“A Happy, Productive Life”

From a young age, we are told that the meaning to our life is defined by what we accomplish in this world. Accomplishments come in the form of all sorts of things. They can come in the form of awards given out in the formative years of elementary and middle school such as “1st Place” in a reading competition or maybe in the form of trophies for exemplary performance in athletic performance. As we grow older, past the college years our life’s worth is defined by how much money we generate through our various endeavors. We are made to believe that a rich person’s life is inherently worth more than someone who is homeless. Of course, everyone would desire some form of comfort and security in income. We are told we must work hard and make the best of ourselves in order to outwit, outlast, outplay, and out-earn. But what about people who have no interests in these things? What about the people who have no vested interest in this competition – man to man that burns out the soul faster than even the hottest of otherworldly fires?

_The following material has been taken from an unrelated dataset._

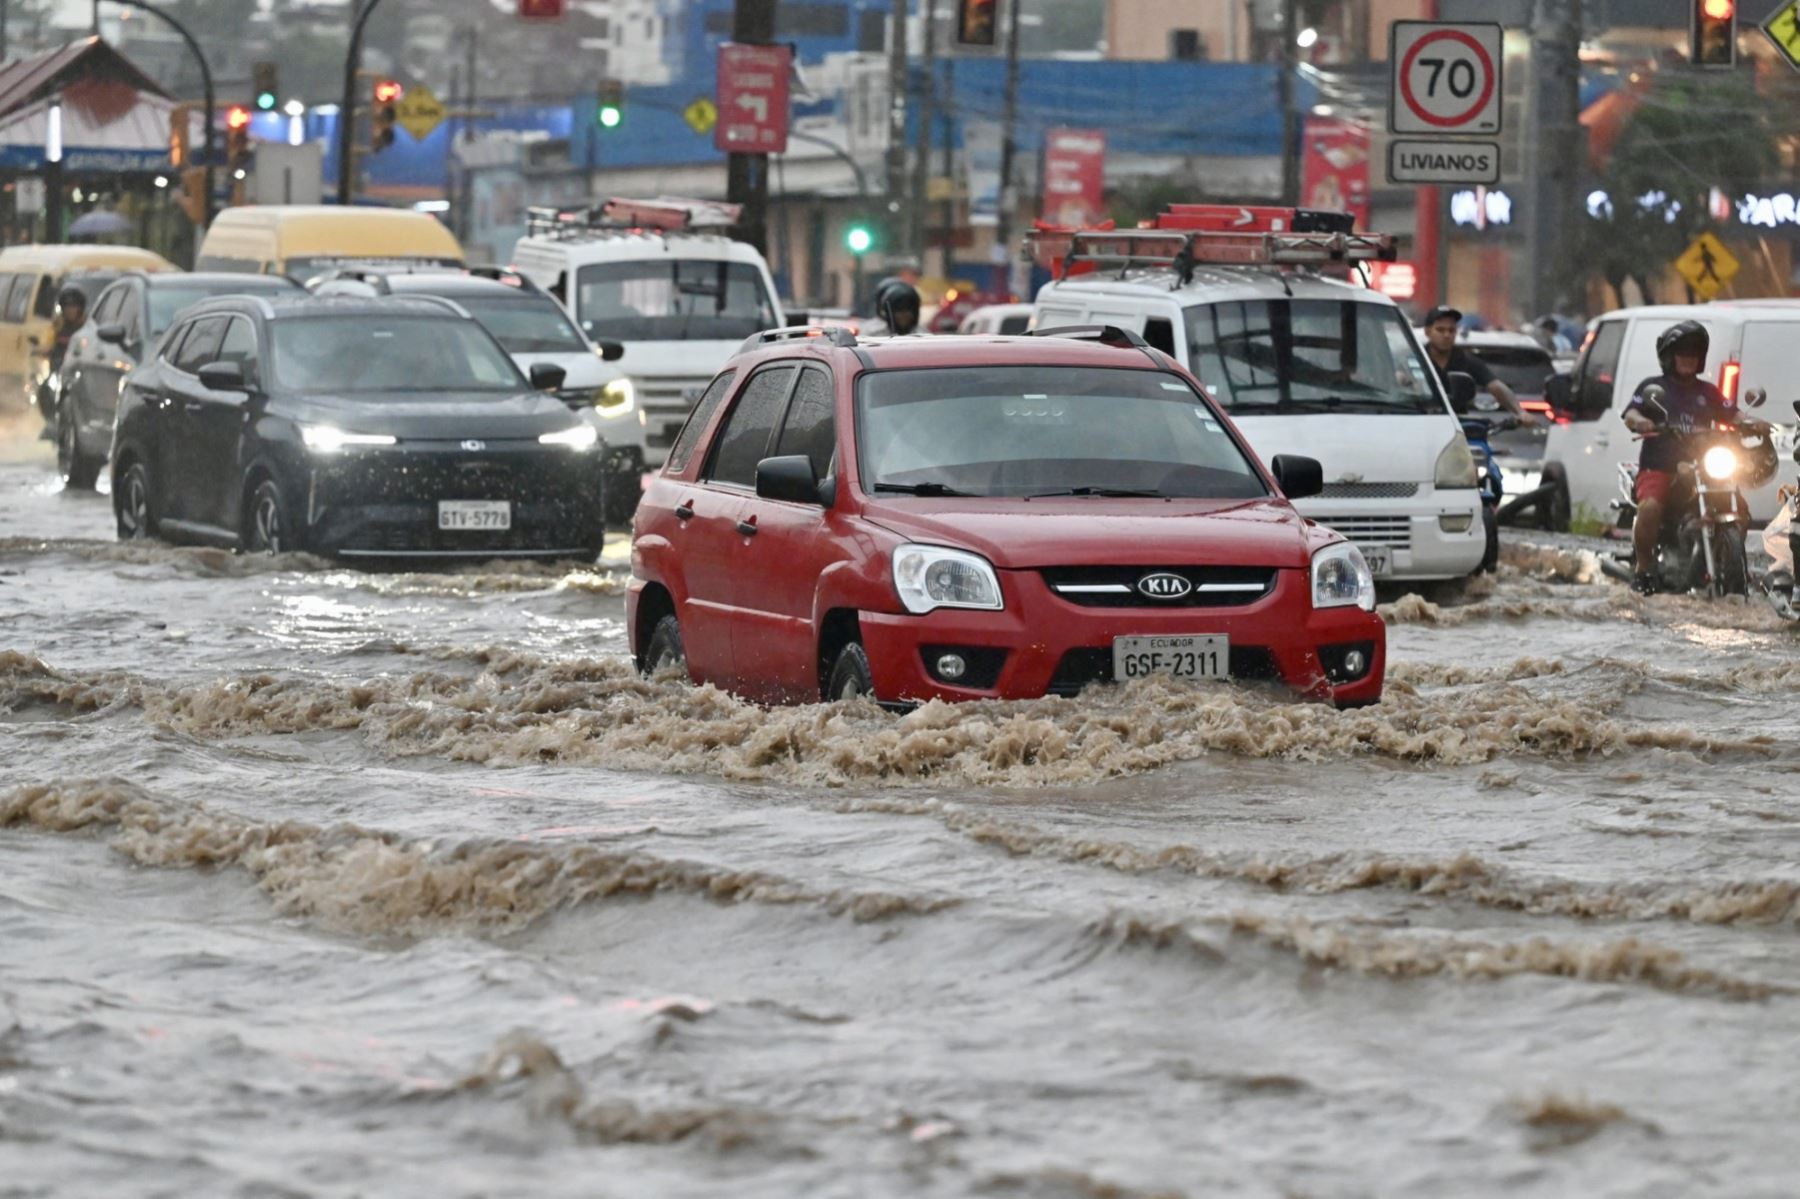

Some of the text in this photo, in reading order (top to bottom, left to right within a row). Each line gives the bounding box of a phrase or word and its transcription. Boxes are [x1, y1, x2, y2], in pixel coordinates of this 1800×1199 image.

In order to advance in society, a person must sacrifice their entire person. Profit maximization requires a destruction of someone somewhere along the line, whether it be from consumer, worker, or manager. Time must be invested into these endeavors, something that seems to be shrinking everyday. The regular shift is 9-5 and becoming a drone is mandatory. We work tirelessly so that we can have some chance in advancing in society and afford the finer things in life. So we can have wealth, so we can have status. In the end, we lose ourselves. If we do not meet these goals that society meets for us, we are considered failures and are branded as undesirable outcasts.

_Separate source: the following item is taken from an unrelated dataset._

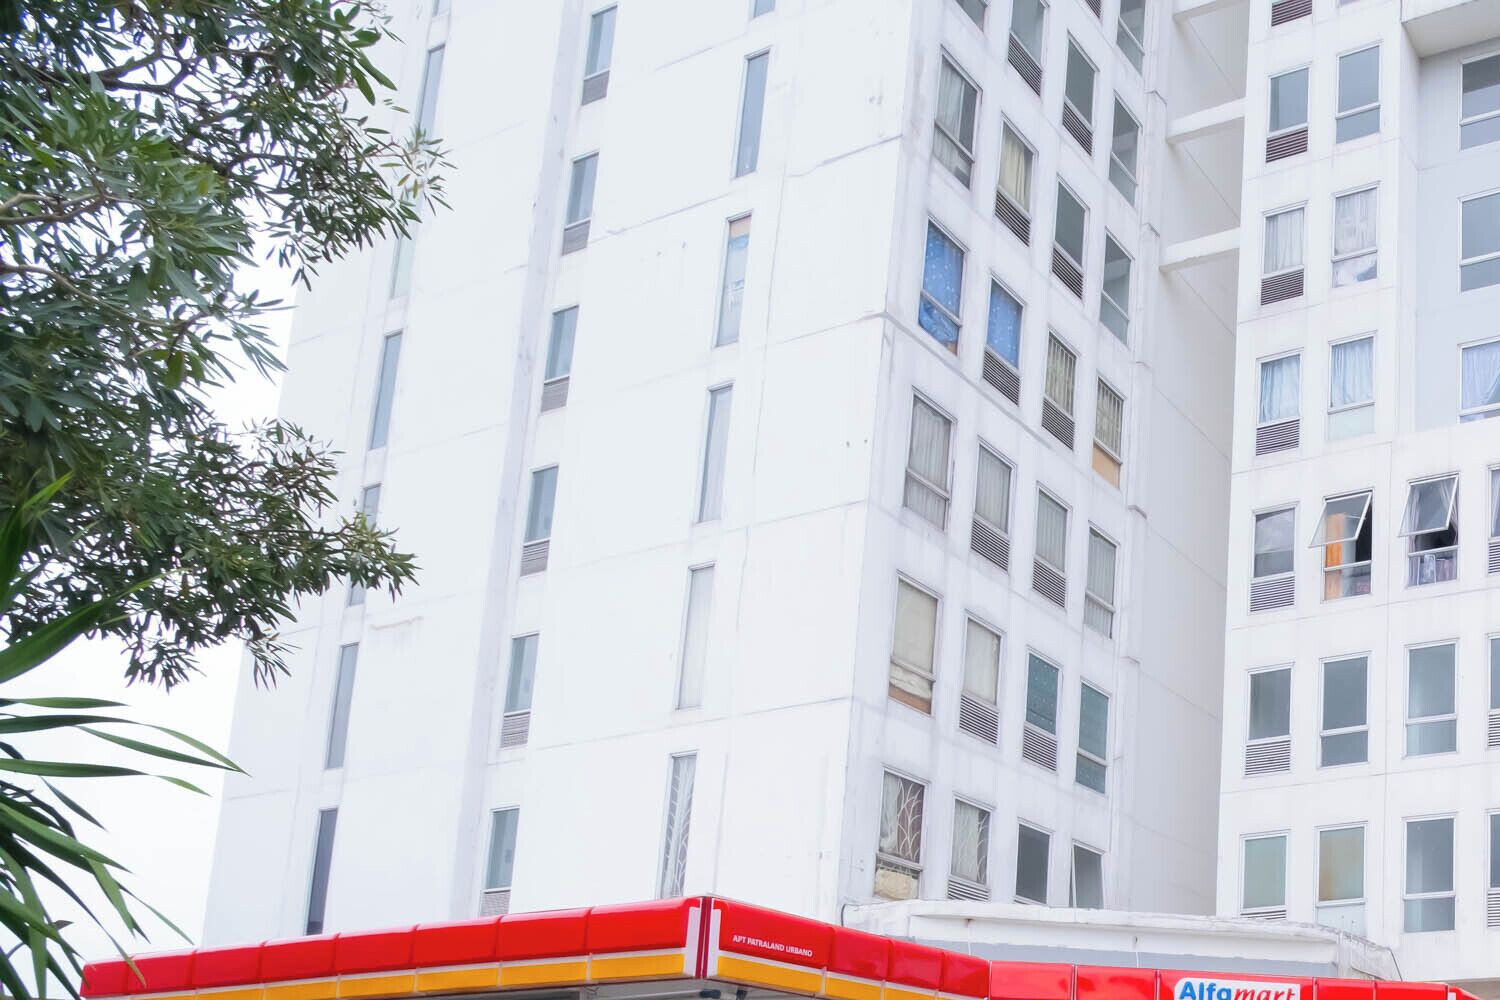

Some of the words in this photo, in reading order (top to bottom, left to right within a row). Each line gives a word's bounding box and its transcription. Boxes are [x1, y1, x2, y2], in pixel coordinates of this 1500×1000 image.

[733, 934, 746, 944] APT
[747, 937, 785, 952] PATRALAND
[786, 945, 813, 957] URBANO

When I think of people who are the highly revered in society, they tend to be doctors, lawyers, accountants, businessmen. These people tend to toil for hours and hours on end in the pursuit of cash. They then lose themselves. It’s no secret that these people have deteriorating familial relationships and for good reason. What’s the point of making tons of money and then coming home late and only spending 2 hours with your family until you have to go to bed?

There are two brothers. One is a hedge fund manager at a reputable investment group. The other works as an independent artist, selling his works making money here and there. Which brother do you think mother and father are more likely to introduce more proudly at a familial gathering? The hedge fund brother’s familial life may be falling apart at the seams but he is the one who they’ll be more proud of.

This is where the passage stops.